Two review authors independently selected studies, assessed risk of bias and extracted data.
We included one randomised and one quasi-randomised controlled trial involving a total of 94 participants and reporting results for a maximum of 84 participants. One trial included patients with spinal cord injuries and the other included patients without spinal cord injuries. Both trials compared anterior versus posterior surgical approaches. Both trials were at high risk of bias, including selection bias (one trial), performance bias (both trials) and attrition bias (one trial). Data were pooled for one outcome only: non-union.
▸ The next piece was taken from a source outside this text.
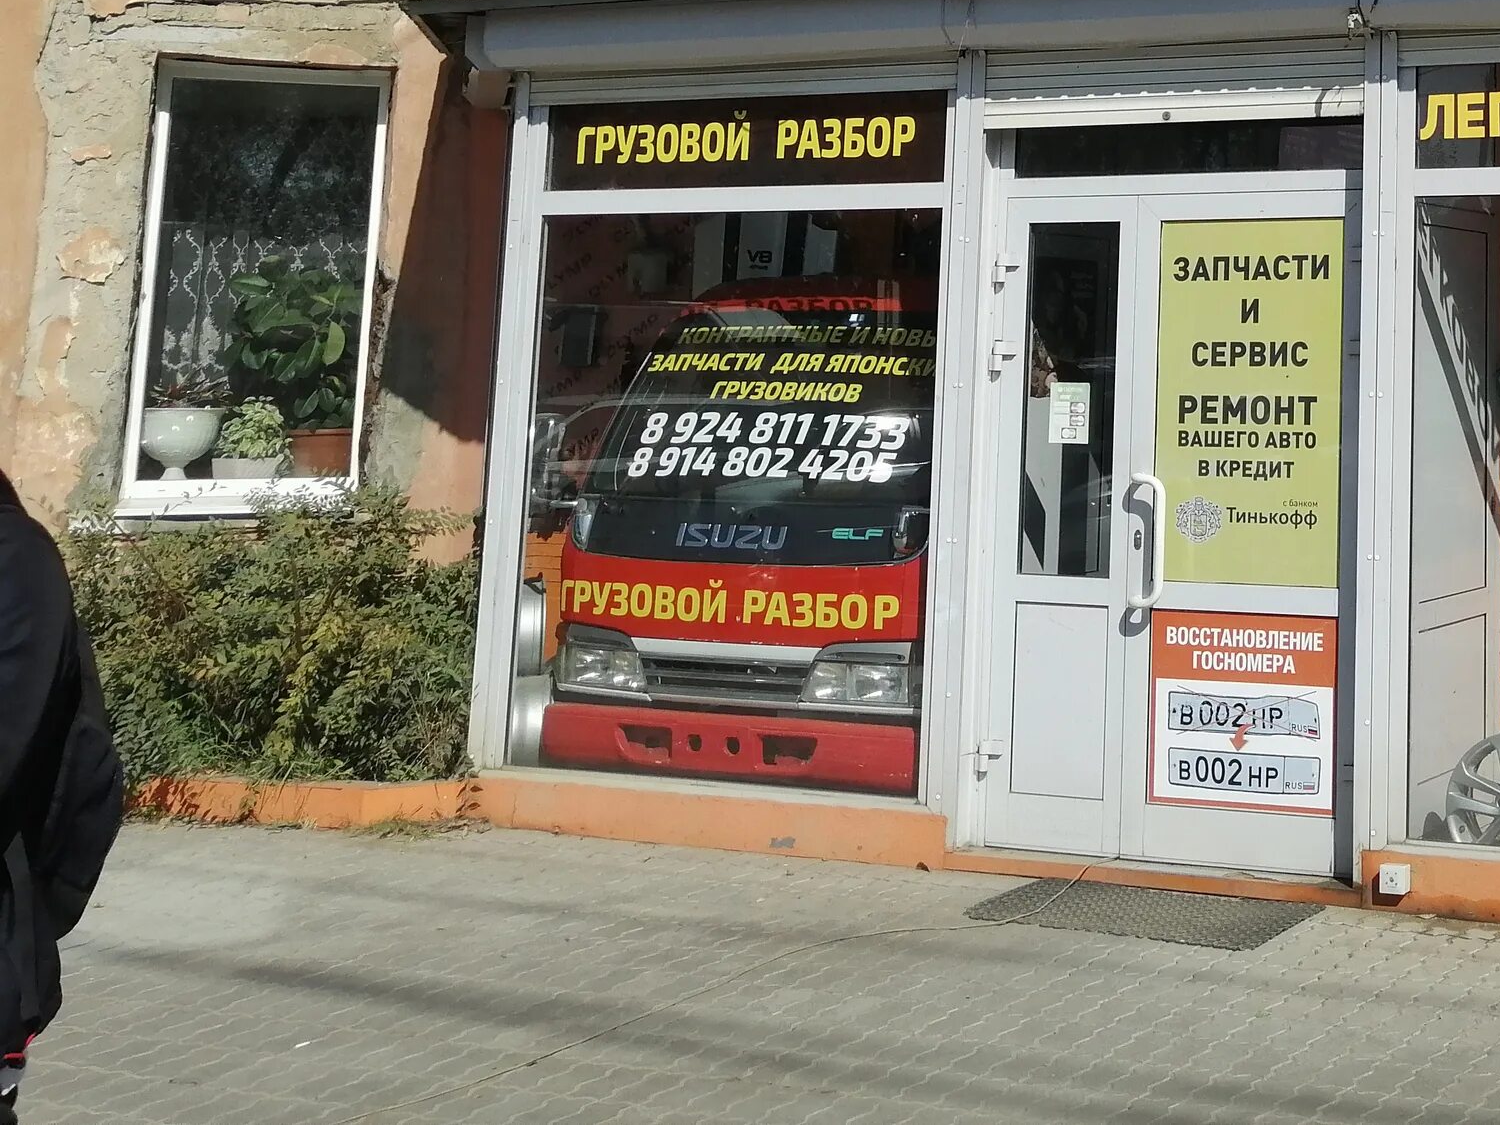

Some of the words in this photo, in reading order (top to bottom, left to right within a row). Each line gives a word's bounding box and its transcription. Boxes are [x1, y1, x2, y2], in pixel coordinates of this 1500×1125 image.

Reflecting also the imprecision of the results, the evidence was deemed to be of very low quality for all outcomes; which means that our level of uncertainty about the estimates is high.
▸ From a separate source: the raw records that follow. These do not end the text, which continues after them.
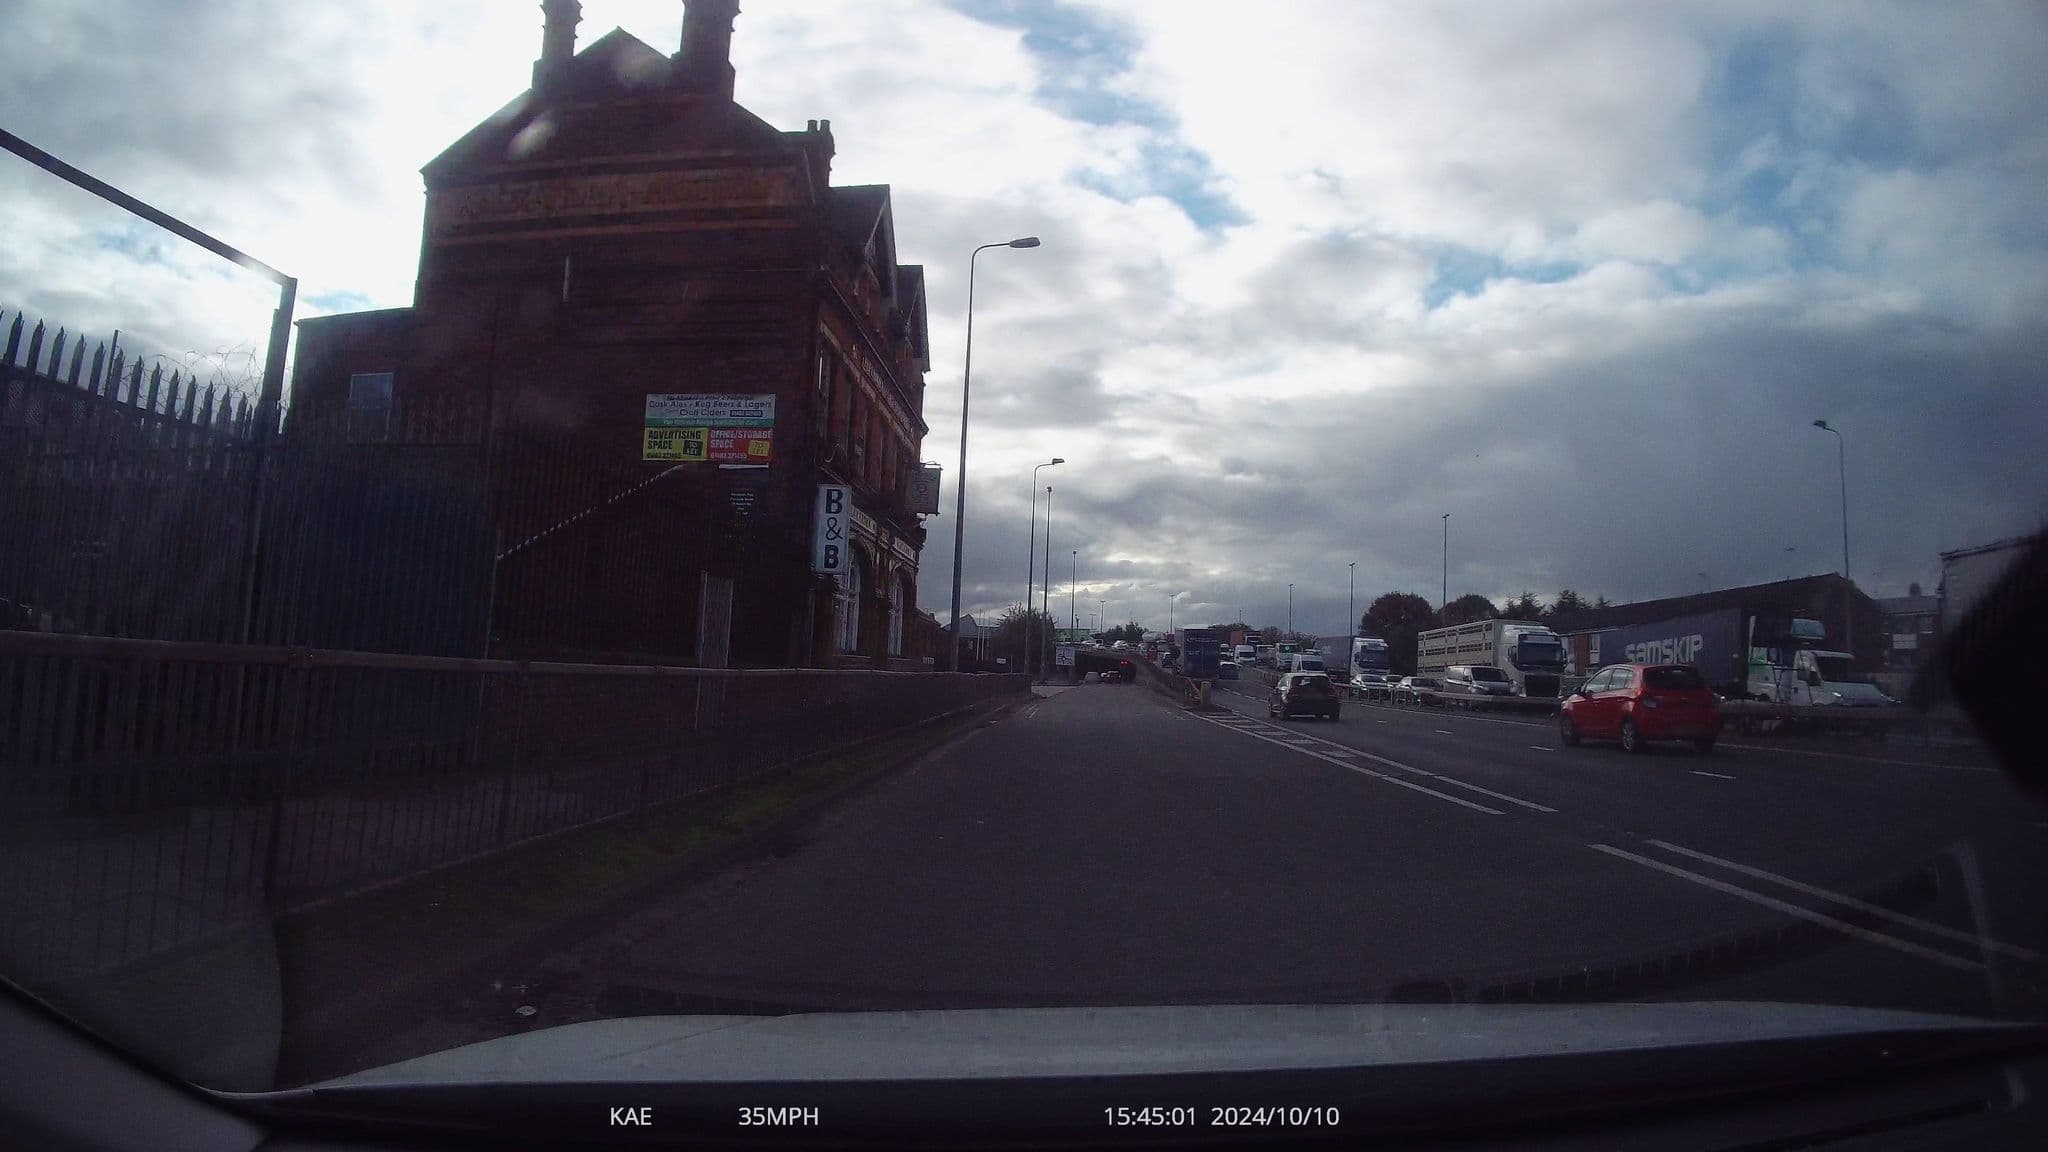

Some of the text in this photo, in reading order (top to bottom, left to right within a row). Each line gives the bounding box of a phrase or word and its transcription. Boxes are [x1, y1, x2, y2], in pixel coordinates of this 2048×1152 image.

[671, 400, 687, 408] Ales
[695, 401, 711, 409] Keg
[713, 400, 734, 408] Beers
[745, 400, 772, 409] Lagers
[701, 409, 726, 417] Ciders
[648, 430, 701, 439] ADVERTISING
[647, 440, 673, 450] SPACE
[710, 439, 735, 448] SPACE
Neither trial found differences between the two approaches in neurological recovery or status, as shown in one study by small clinically insignificant differences in NASS (Northern American Spine Society) neurological scores (0 to 100: optimal score) at one year of follow-up: anterior mean score: 85.23 versus posterior mean score: 83.86; mean difference (MD) 1.37 favouring anterior approach, 95% confidence interval (CI) -9.76 to 12.50; 33 participants; 1 study). The same trial found no relevant between-approach differences at one year in patient-reported quality of life measured using the 36-item Short Form Survey physical (MD -0.08, 95% CI -7.26 to 7.10) and mental component scores (MD 2.88, 95% CI -3.32 to 9.08). Neither trial found evidence of significant differences in long-term pain, or non-union (2/38 versus 2/46; risk ratio (RR) 1.18, 95% CI 0.04 to 34.91). One trial found better sagittal and more 'normal' alignment after the anterior approach (MD -10.31 degrees favouring anterior approach, 95% CI -14.95 degrees to -5.67 degrees), while the other trial reported no significant differences in cervical alignment. There was insufficient evidence to indicate between-group differences in medical adverse events, rates of instrumentation failure and infection. One trial found that the several participants had voice and swallowing disorders after anterior approach surgery (11/20) versus none (0/22) in the posterior approach group: RR 25.19, 95% CI 1.58 to 401.58); all had recovered by three months.